Nikolaus Rast, Fejzulai’s lawyer in the 2019 case, told public broadcaster ORF that his client had seemed “completely harmless” at the time.
“He was a young man who was searching for his place in society, who apparently went to the wrong mosque, ended up in the wrong circles,” Rast said.
Fejzulai’s family “wasn’t radical,” Rast added. “I still remember that the family couldn’t believe what had happened with their son.”
Authorities worked well into Tuesday to determine whether there were any other attackers, with some 1,000 police officers on duty in the city. People in Vienna were urged to stay at home if possible on Tuesday, and children did not have to go to school.
By mid-afternoon, investigators sifting through copious video evidence had found “no indication of a second perpetrator,” Nehammer said. “But because the evaluation is not yet concluded, we cannot yet say conclusively how many perpetrators are responsible for the crime.”

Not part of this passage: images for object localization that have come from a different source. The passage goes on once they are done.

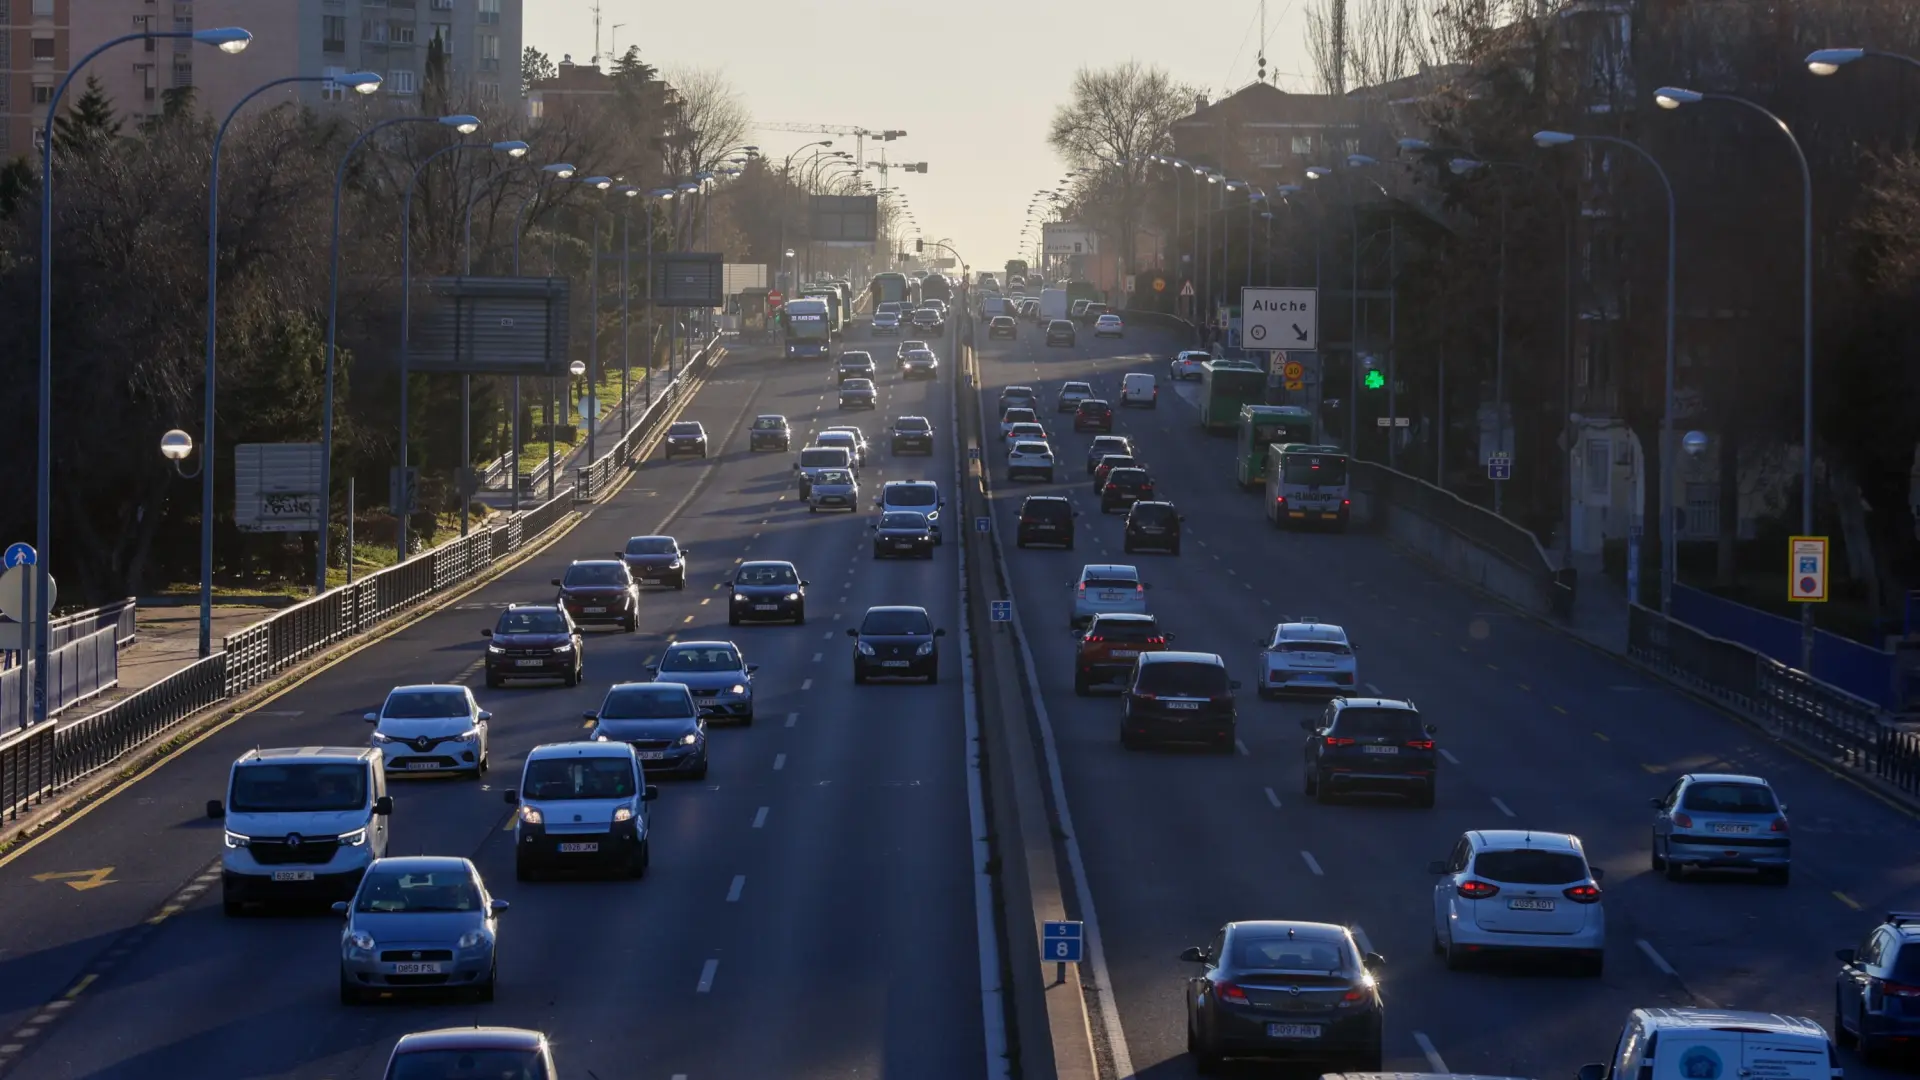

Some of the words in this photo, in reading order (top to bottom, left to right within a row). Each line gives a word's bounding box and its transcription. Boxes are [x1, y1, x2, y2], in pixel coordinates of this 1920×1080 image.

[1252, 299, 1306, 312] Aluche
[1288, 367, 1299, 375] 30
[998, 611, 1005, 620] 9
[1059, 925, 1067, 935] 5
[1056, 941, 1068, 957] 8
[398, 963, 419, 973] 0859
[1274, 1024, 1297, 1035] 5097
[1300, 1025, 1317, 1036] HRV
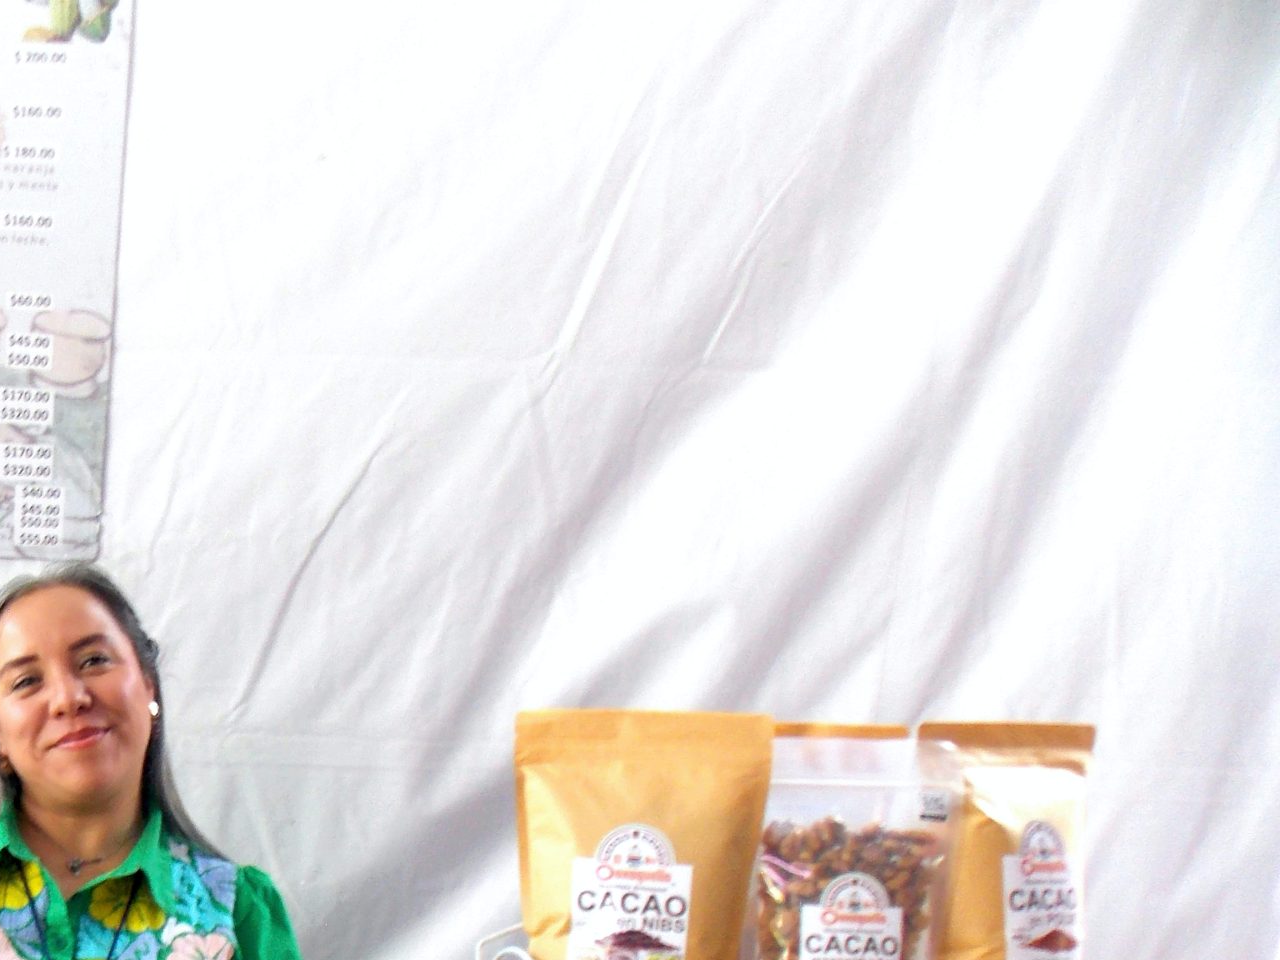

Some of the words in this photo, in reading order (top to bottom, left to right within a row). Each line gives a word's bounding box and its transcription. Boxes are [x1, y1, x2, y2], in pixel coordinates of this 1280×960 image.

For the time being, an elevated security level will remain in place in Vienna, he said. The country held a minute of silence at midday Tuesday, accompanied by the tolling of bells in the capital, and the government ordered three days of official mourning, with flags on public buildings to be flown at half-staff.
The shooting began shortly after 8 p.m. Monday near Vienna’s main synagogue as many people were enjoying a last night of open restaurants and bars before a monthlong coronavirus lockdown, which started at midnight.
Nine minutes later, it was over, Nehammer said.
The attack drew swift condemnation and assurances of support from leaders around Europe, including from French President Emmanuel Macron, whose country has experienced three terror attacks in recent weeks. US President Donald Trump also condemned “yet another vile act of terrorism in Europe.” Britain raised its terror threat level to severe, its second-highest level, following the attack in Austria and others in France.